Initial Reaction to My New Home: Madrid, Sweet Madrid

“It’s just like New York City! EXCEPT: There are no skyscrapers, metros are WAY cleaner, and EVERYTHING is in Spanish.”

That’s exactly what I say when anyone asks me what Madrid is like. So you can imagine how excited I was to get to Madrid, Spain when first landing, and how exhausted, of course! I was relieved as well to feel at home even though I was thousands miles away from home, too. But something about this city at a first glance, was so similar to Manhattan and little Spanish hubs in the uptown Bronx.
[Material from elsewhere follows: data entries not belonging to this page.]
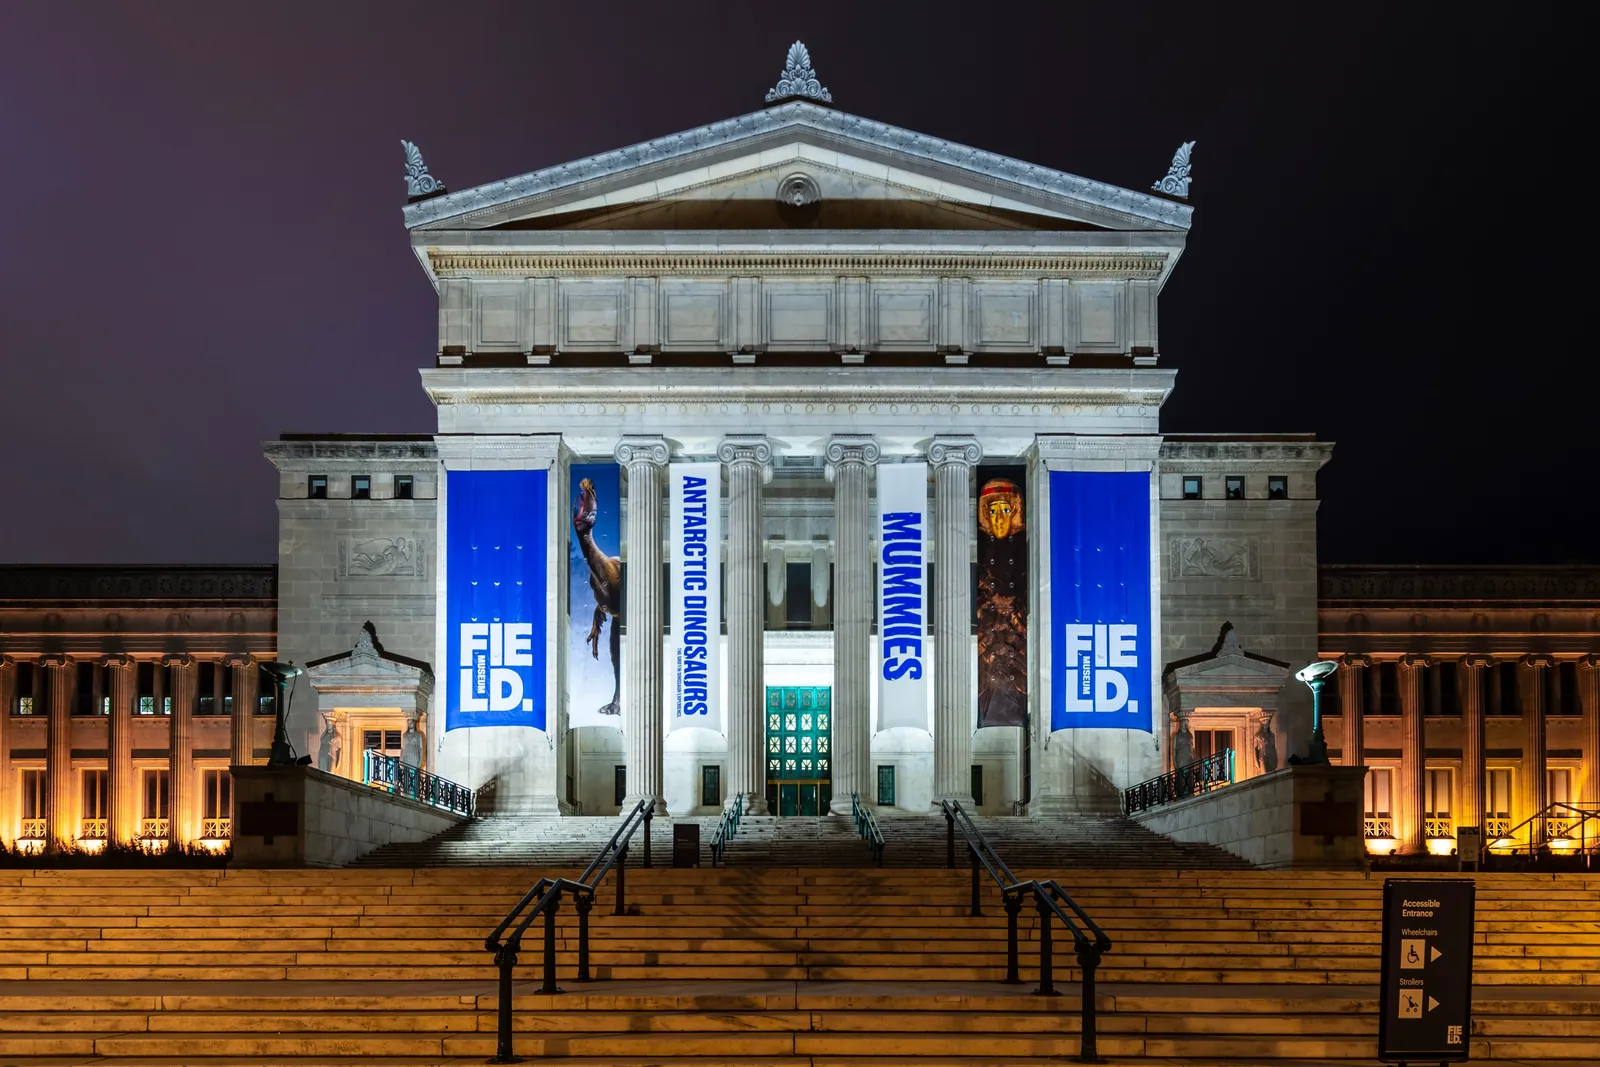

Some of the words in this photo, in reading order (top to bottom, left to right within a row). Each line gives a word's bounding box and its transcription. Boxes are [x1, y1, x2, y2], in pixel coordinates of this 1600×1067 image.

[683, 475, 707, 591] ANTARCTIC
[882, 512, 922, 681] MUMMIES
[477, 655, 486, 694] MUSEUM
[683, 596, 708, 716] DINOSAURS
[1082, 656, 1091, 695] MUSEUM
[1402, 899, 1441, 908] Accessible
[1402, 909, 1434, 917] Entrance
[1401, 928, 1438, 936] Wheelchairs
[1399, 978, 1425, 986] Strollers
I loved how much of a busy city it appeared to be on the first day (and still is).The metro is efficient, tidy, safe, and reachable anywhere. The supermarket, the pharmacy, the post office, school–every sign, every person, every thing you use (even the internet) reads in Spanish. This is a perfect way to practice, comprehend, and gain confidence in the language you’ll be learning, living, and breathing daily. By the way–my home is actually on a street called, “Calle de Padilla” which is my last name. How great! “Muy genial!” as they would say here. When I entered the home, I was wondering, how do I open up this door. The keys here are so different (at least for my building), so that would definitely take some getting used to.

The Spanish is very different. Spaniards believe their Spanish is the correct way no matter your level, understanding, or fluency of Spanish. The way we are taught Spanish in the United States in an academic setting is very different than being raised in a Spanish/Latino home, just the way both those experiences of learning Spanish is very different from the way Spanish is taught to American students in Spain.

The Spanish language in Spain is called Castellano. For example, the word “computer” is “ordenador,” here. But in the States, we’d use the word, “computadora.” So learning Spanish here, is a mix of learning the culture and everyday language. It’s almost like learning code for Spanish, or another language. In this way, you adapt yourself to their way of speaking Spanish. What you know may not be wrong, but it just isn’t as common here. Do your best to use what you learn here in Spain, to apply to your everyday interactions at local places, and conversations with friends and professors. In this way, you’ll be picking up colloquial phrases in no time!

Their customs here are different, too. As soon as I arrived, I gave my host mom a kiss on both the left and right cheek. A handshake may seem offensive, and very “American.” Also, they eat bread with EVERY meal. My first meal was pumpkin soup with bread. Then, another platter of broccoli and chicken. Then my desert was a fruit. And I am always served water for dinner. Fruit for dessert is also common here, and so that was something I noticed right away as well. Side note: I am very fortunate my host mom cooks with flavor. She serves good portions. And if there is extra, she always offers my roommate and I more. Thank the heavens!

p.s. The featured image is a mini market similar to New Paltz’s “Groovy Blueberry” on Water Street. It’s about 20 minutes walking-distance from my home!